Saved entries
□ □ □ □
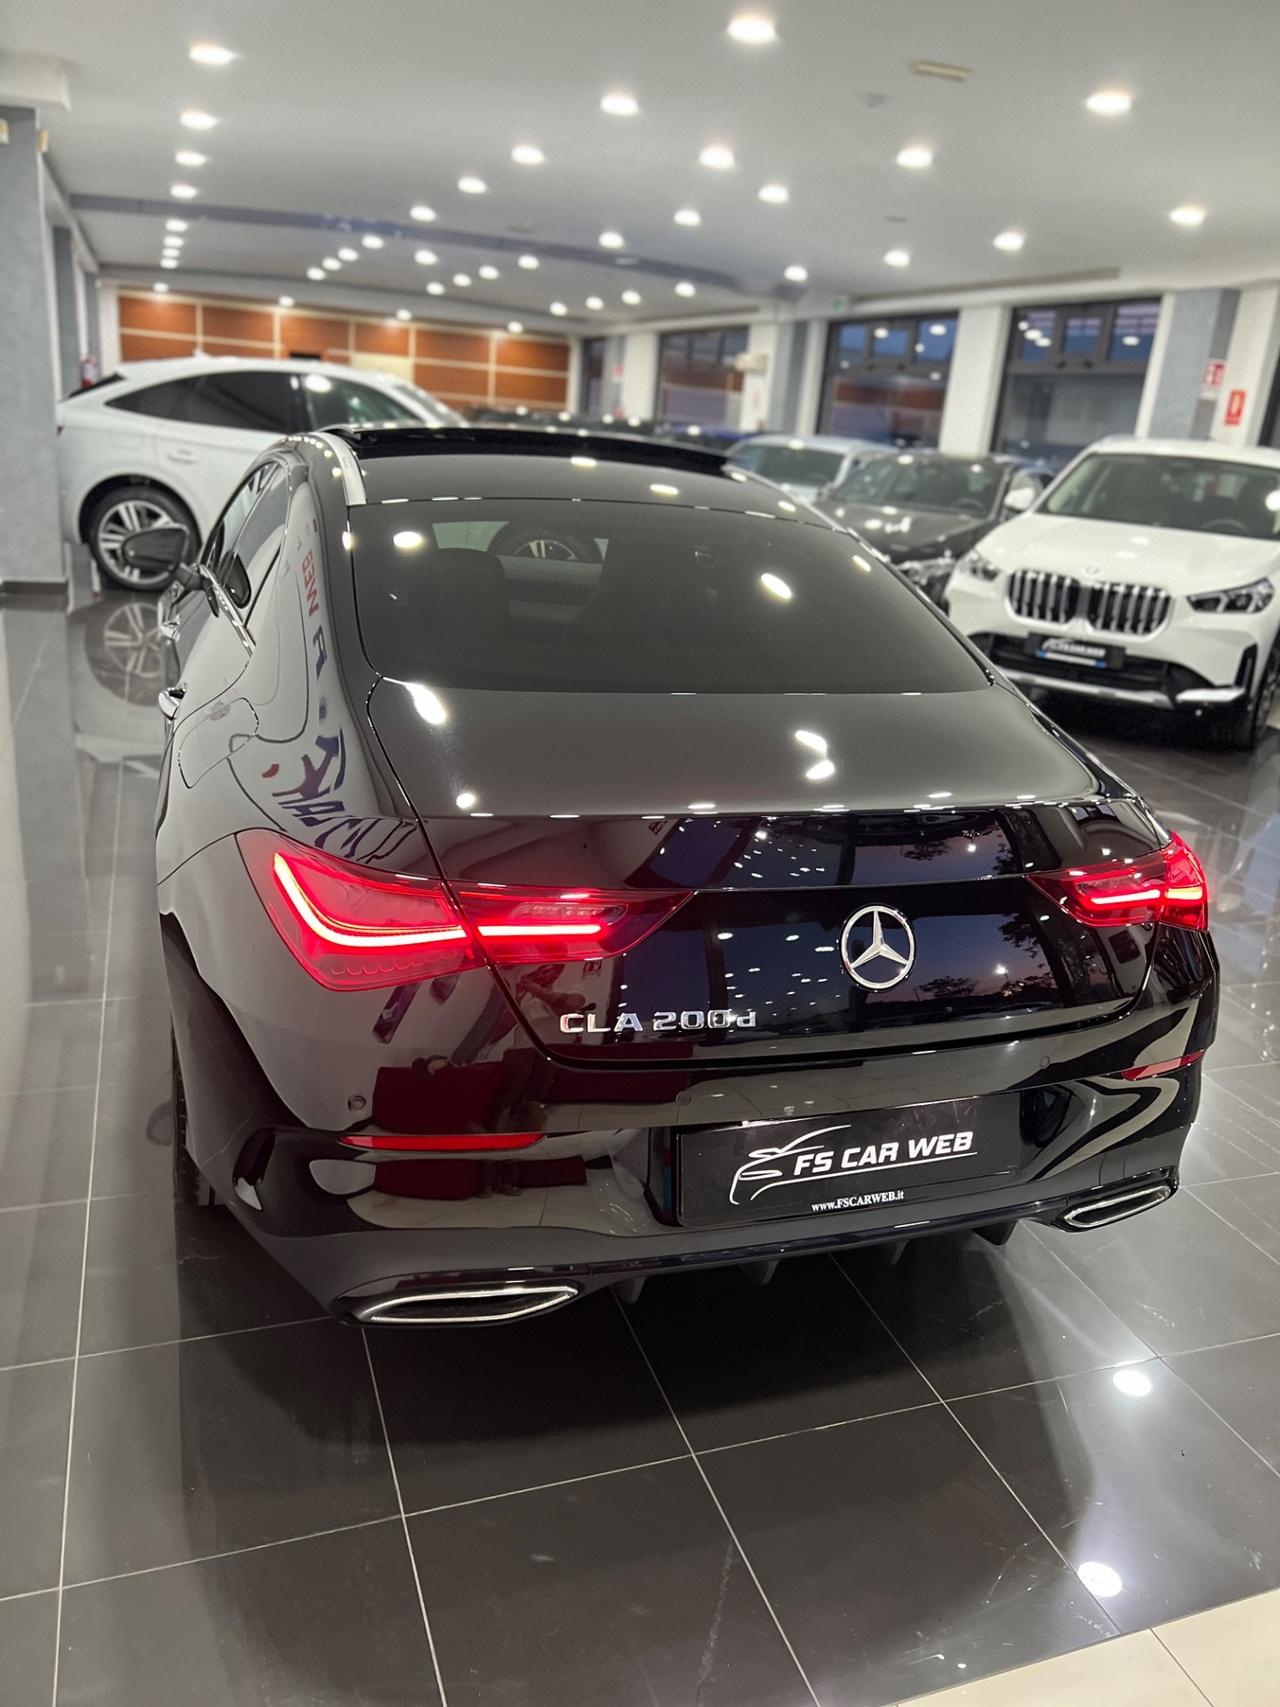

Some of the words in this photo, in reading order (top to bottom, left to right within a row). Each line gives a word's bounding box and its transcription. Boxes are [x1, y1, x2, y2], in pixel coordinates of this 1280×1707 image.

[559, 1013, 643, 1034] CLA
[793, 1149, 835, 1177] FS
[841, 1141, 900, 1168] CAR
[908, 1130, 974, 1159] WEB
[811, 1190, 905, 1212] www.FSCARWEB.it
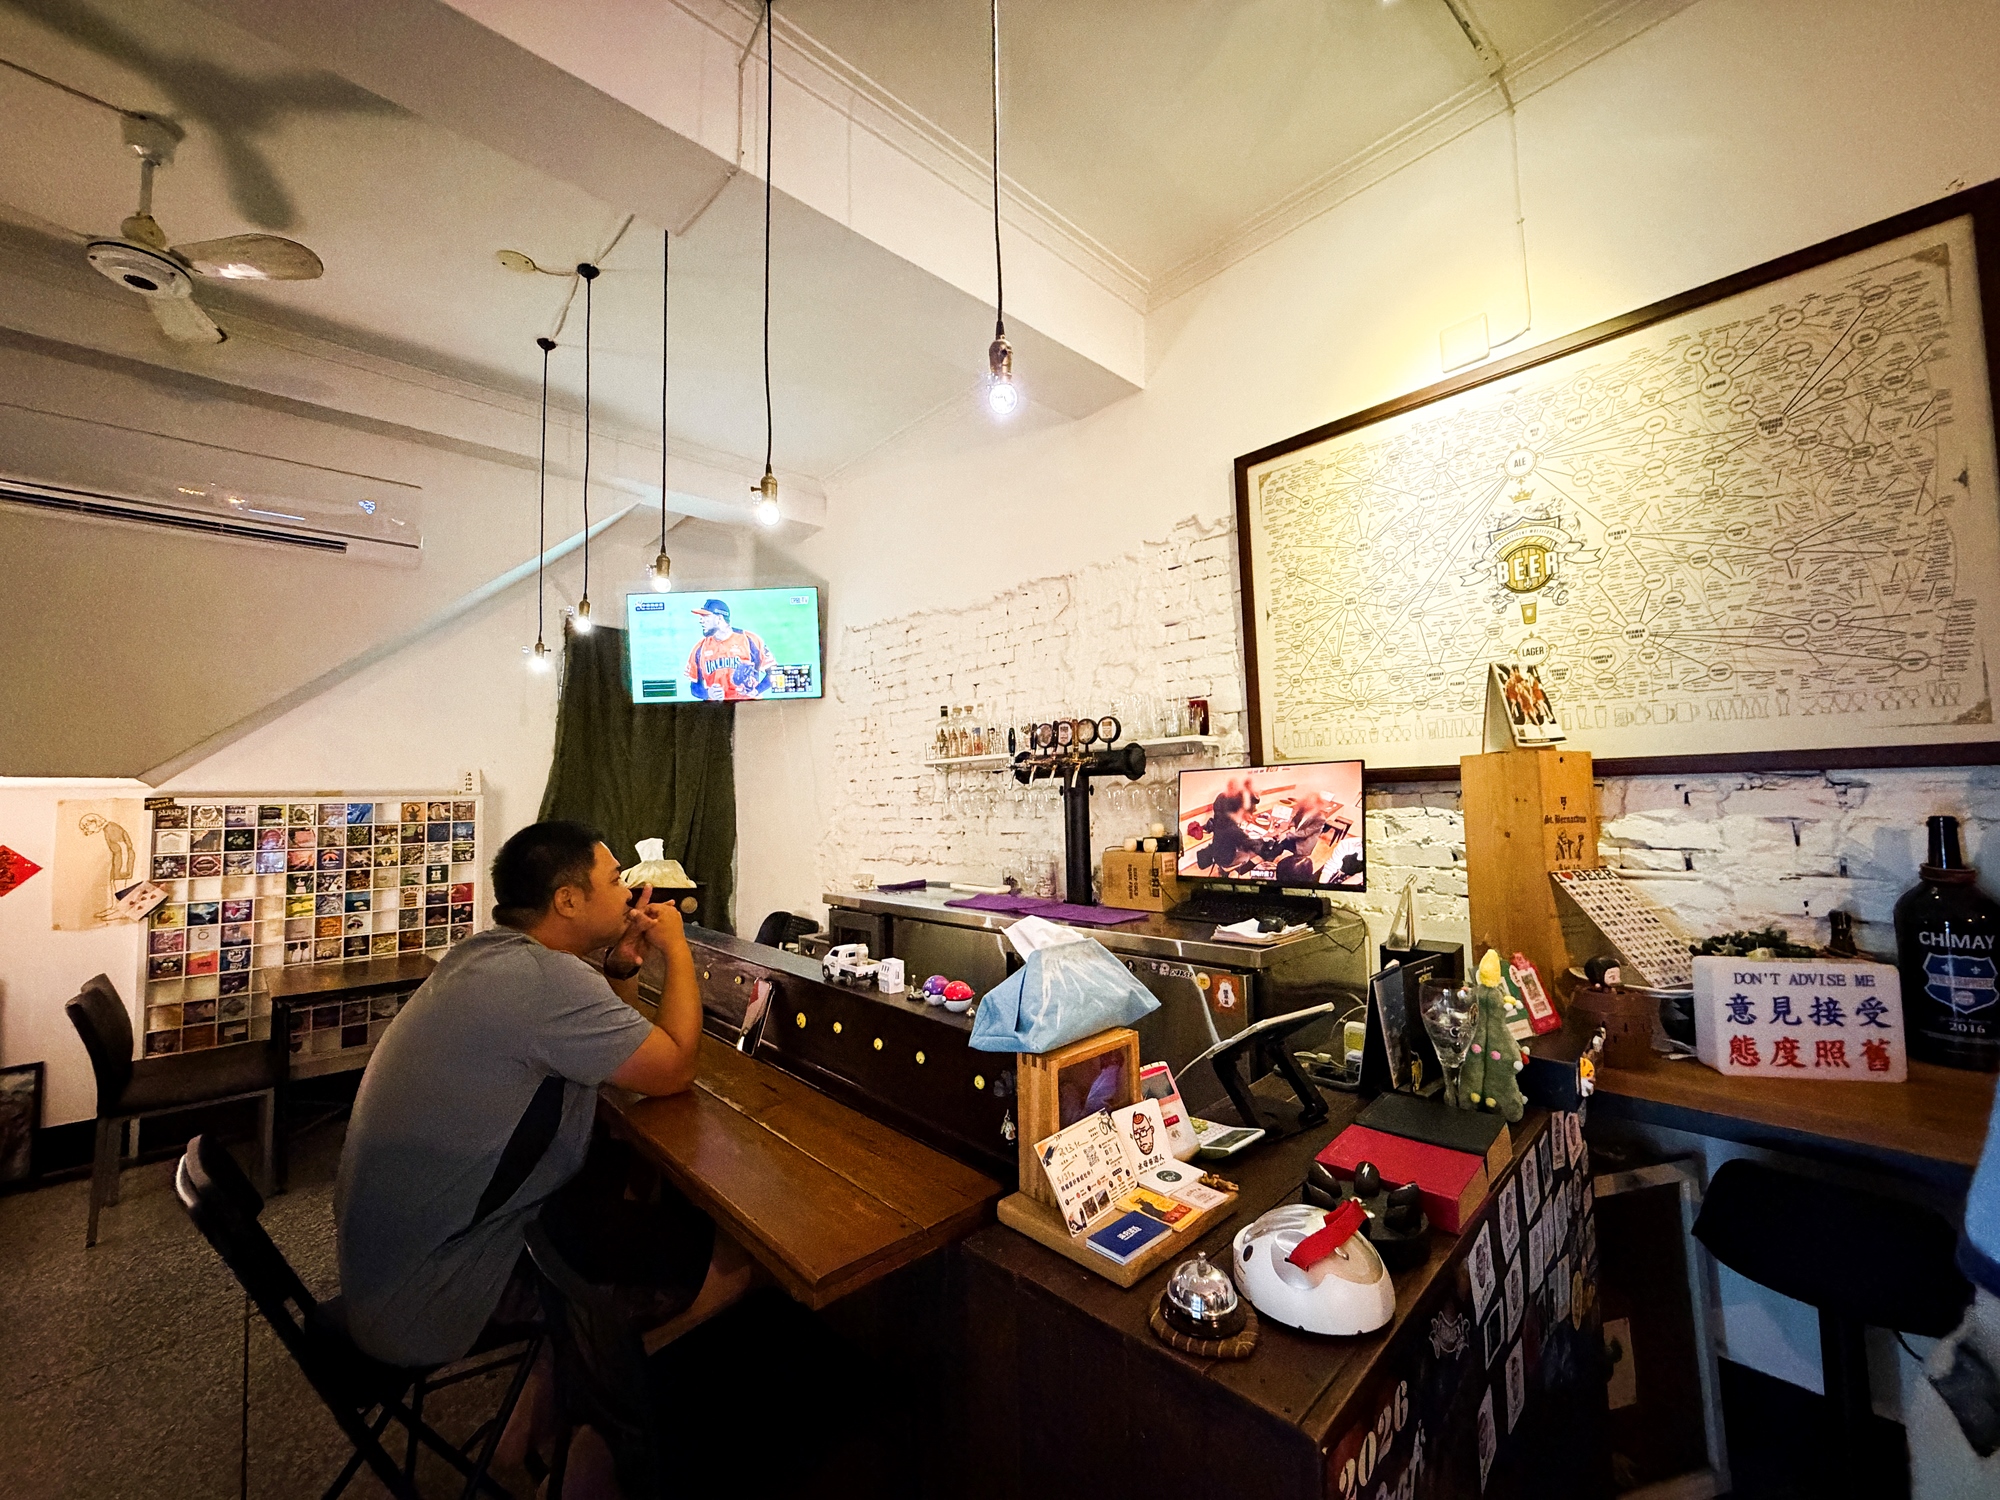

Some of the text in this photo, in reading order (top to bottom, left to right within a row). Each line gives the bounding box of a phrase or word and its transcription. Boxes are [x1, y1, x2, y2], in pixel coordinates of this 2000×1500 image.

[1514, 457, 1526, 468] ALE
[1608, 529, 1627, 537] GERMAN
[1496, 551, 1559, 584] BEER
[1522, 646, 1545, 657] LAGER
[1551, 869, 1618, 883] I BEER
[1919, 931, 1995, 949] CHIMAY
[1734, 973, 1875, 987] DON'T ADVISE ME
[1725, 993, 1892, 1028] 意見接受
[1949, 1022, 1985, 1033] 2016
[1729, 1035, 1891, 1072] 態度照舊
[1339, 1380, 1408, 1500] 2026
□ □ □ □
- **WORK ITEM**
Without carrying over any picture, retype the records above word for word.

- **RESPONSE BOX**
Some of the words in this photo, in reading order (top to bottom, left to right within a row). Each line gives a word's bounding box and its transcription. Boxes are [x1, y1, x2, y2], in pixel coordinates of this 1280×1707 image.

[559, 1013, 643, 1034] CLA
[793, 1149, 835, 1177] FS
[841, 1141, 900, 1168] CAR
[908, 1130, 974, 1159] WEB
[811, 1190, 905, 1212] www.FSCARWEB.it

Some of the text in this photo, in reading order (top to bottom, left to right within a row). Each line gives the bounding box of a phrase or word and its transcription. Boxes are [x1, y1, x2, y2], in pixel coordinates of this 2000×1500 image.

[1514, 457, 1526, 468] ALE
[1608, 529, 1627, 537] GERMAN
[1496, 551, 1559, 584] BEER
[1522, 646, 1545, 657] LAGER
[1551, 869, 1618, 883] I BEER
[1919, 931, 1995, 949] CHIMAY
[1734, 973, 1875, 987] DON'T ADVISE ME
[1725, 993, 1892, 1028] 意見接受
[1949, 1022, 1985, 1033] 2016
[1729, 1035, 1891, 1072] 態度照舊
[1339, 1380, 1408, 1500] 2026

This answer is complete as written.